Kammerpräsident Dr. Hausweiler fasst zusammen: „Ein Firmengeflecht, das diese wichtige Säule des Patientenschutzes umgeht, gefährdet die Gesundheit und kostet am Ende womöglich viel Geld für eine weitere Behandlung. Ein solch absurdes Geschäftsmodell ‚Zahnmedizin ohne Zahnärzte‘ muss gestoppt werden.“
Es ist so eindeutig: Die kieferorthopädische Korrektur von Zahnfehlstellungen mittels Aligner ist Ausübung der Zahnheilkunde im Sinne des Zahnheilkundegesetzes und damit ausschließlich Zahnärztinnen und Zahnärzten vorbehalten. Die Behandlung steht daher strafbewehrt unter dem Approbationsvorbehalt.
„.. begleitet von Zahnärzt*innen“ prangt in großen Lettern auf der Homepage eines großen Smile-Shops. Diese Aussage erweckt den Eindruck, die Behandlung erfolge durch Zahnärzte begleitet. Die Zahnärztekammer hat inzwischen gegen die Firma und einzelne Kooperationszahnärzte Strafanzeige wegen unerlaubter Ausübung der Zahnheilkunde gestellt und prüft weitere rechtliche Schritte.
Bereits im Juli 2021 hat die Zahnärztekammer daher alle Mitglieder informiert, dass Kooperationen mit Aligner-Shops berufsrechtlich zu beanstanden sind.
Aus Sicht der Zahnärztekammer Nordrhein verstoßen die Kooperationszahnärzte sowohl gegen die Pflicht zur gewissenhaften Berufsausübung als auch und insbesondere gegen das Gebot der zahnärztlichen Unabhängigkeit.

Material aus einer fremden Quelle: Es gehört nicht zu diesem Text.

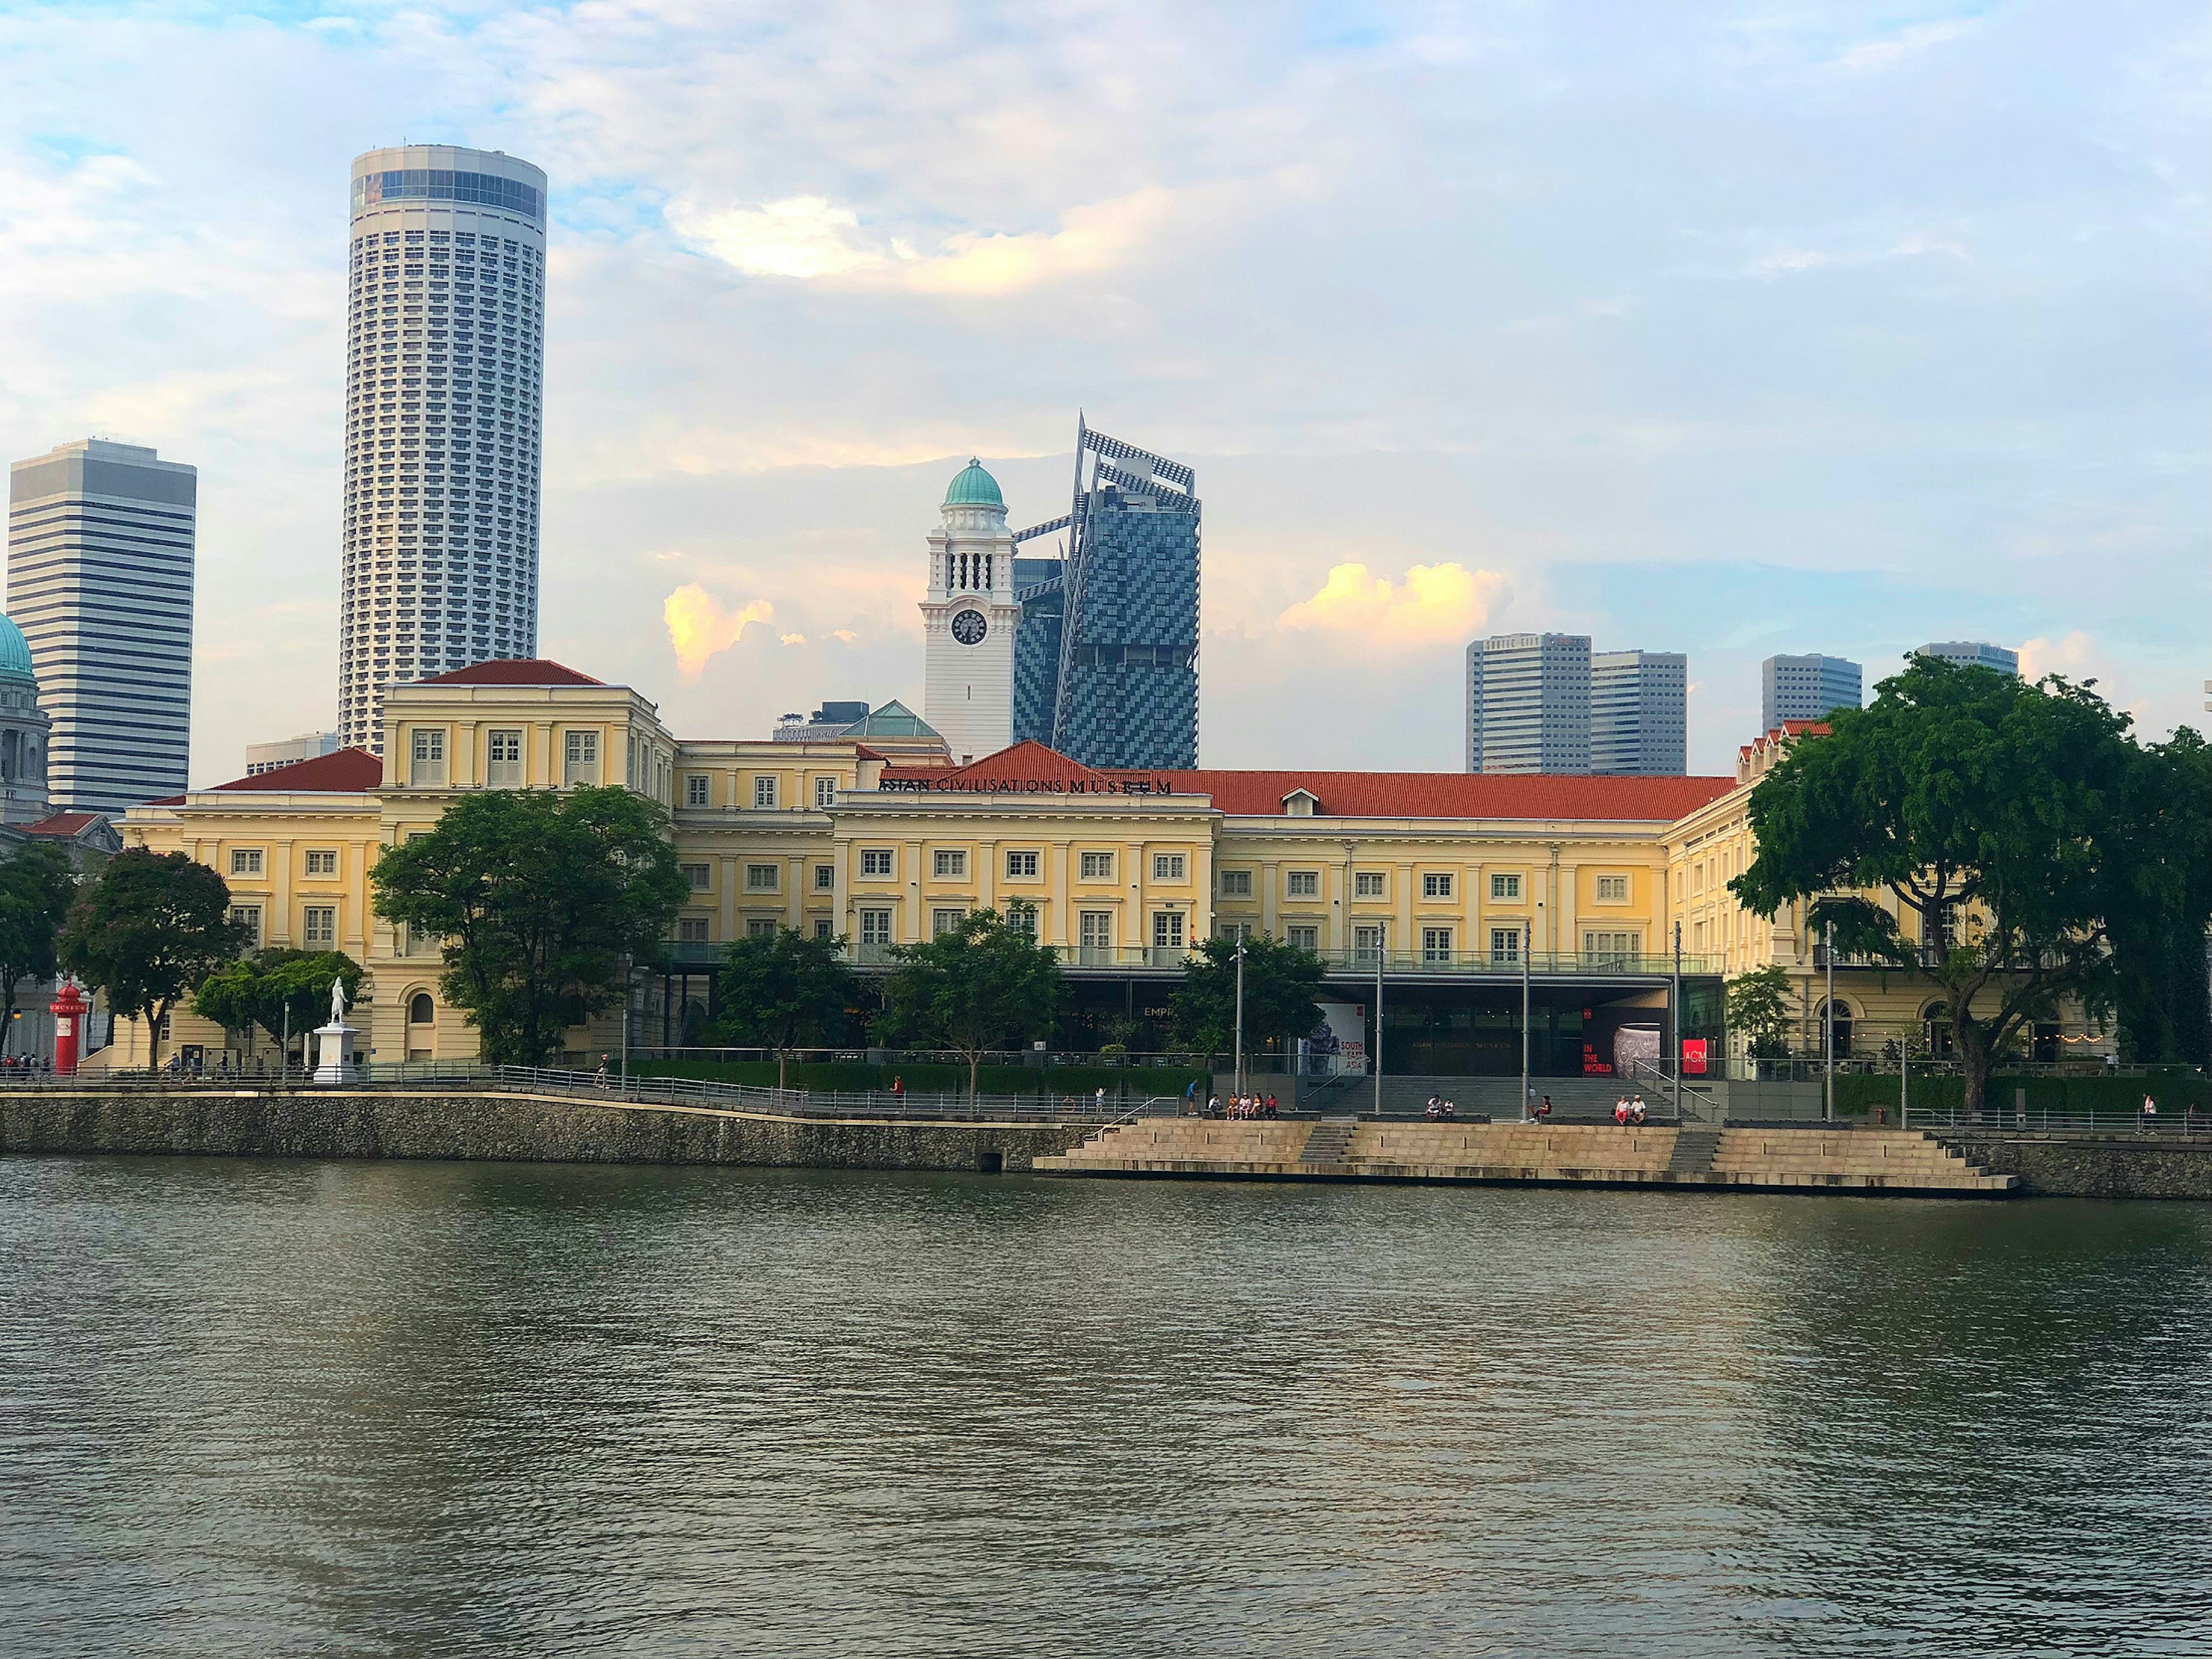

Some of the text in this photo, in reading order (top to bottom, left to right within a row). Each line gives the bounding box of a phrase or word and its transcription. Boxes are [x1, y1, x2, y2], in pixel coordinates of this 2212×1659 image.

Bei der Zahnärztekammer ist eine Begutachtungsstelle zur Überprüfung von Behandlungsfehlern eingerichtet. Zahnmedizinische und juristische Experten können bewerten, ob die Behandlung fehlerhaft war.
Dr. Thorsten Svanström, Mitglied der Begutachtungsstelle, ist einer dieser Experten, die schon mehrere Aligner-Behandlungen durch Smile-Shops zu bewerten hatten. „In den Gutachterfällen mussten wir feststellen, dass das Behandlungsniveau in den Aligner-Shops deutlich unterhalb des zahnmedizinischen Standards liegt“, sagt Dr. Svanström, der auch Referent der Kammer für Kieferorthopädie ist. Weiter stellt er fest: „Die uns vorgelegten Rechnungen waren inhaltlich und fachlich zu beanstanden und nicht korrekt erstellt.“
Die Zahnärztekammer warnt seit 2021 ihre Mitglieder und Patienten über interne und öffentliche Medien vor Smile-Shops – sowohl proaktiv beispielsweise via Mitglieder-Rundschreiben oder RZB-Artikeln und Pressemitteilungen als auch reaktiv in der Beantwortung von Presseanfragen. Auch die Medien haben sich dieser Thematik angenommen und berichten kritisch zu den gewerblichen Anbietern:
Quelle: Rheinische Post, 12.06.2024
Quelle: Frankfurter Rundschau, 07.06.2024
Quelle: WDR Markt, 29.05.2024
Quelle: Business Insider, 18.05.2024
Quelle: Business Insider, 19.02.2024
Quelle: RTL, 05.09.2022
Quelle: Handelsblatt, 25.04.2022
Weiter berichteten beispielsweise der Kölner Stadtanzeiger, 1 Live, Radio NRW, RTL und PlusMinus.
Politisch setzt sich die Kammer weiter ein. Doch ein weiterer Schritt ist nötig: „Wir benötigen nicht nur klare gesetzliche Vorgaben, sondern auch deren Vollzug, damit nicht berufsfremde Dritte Zahnheilkunde anbieten“, betont Dr. Hausweiler.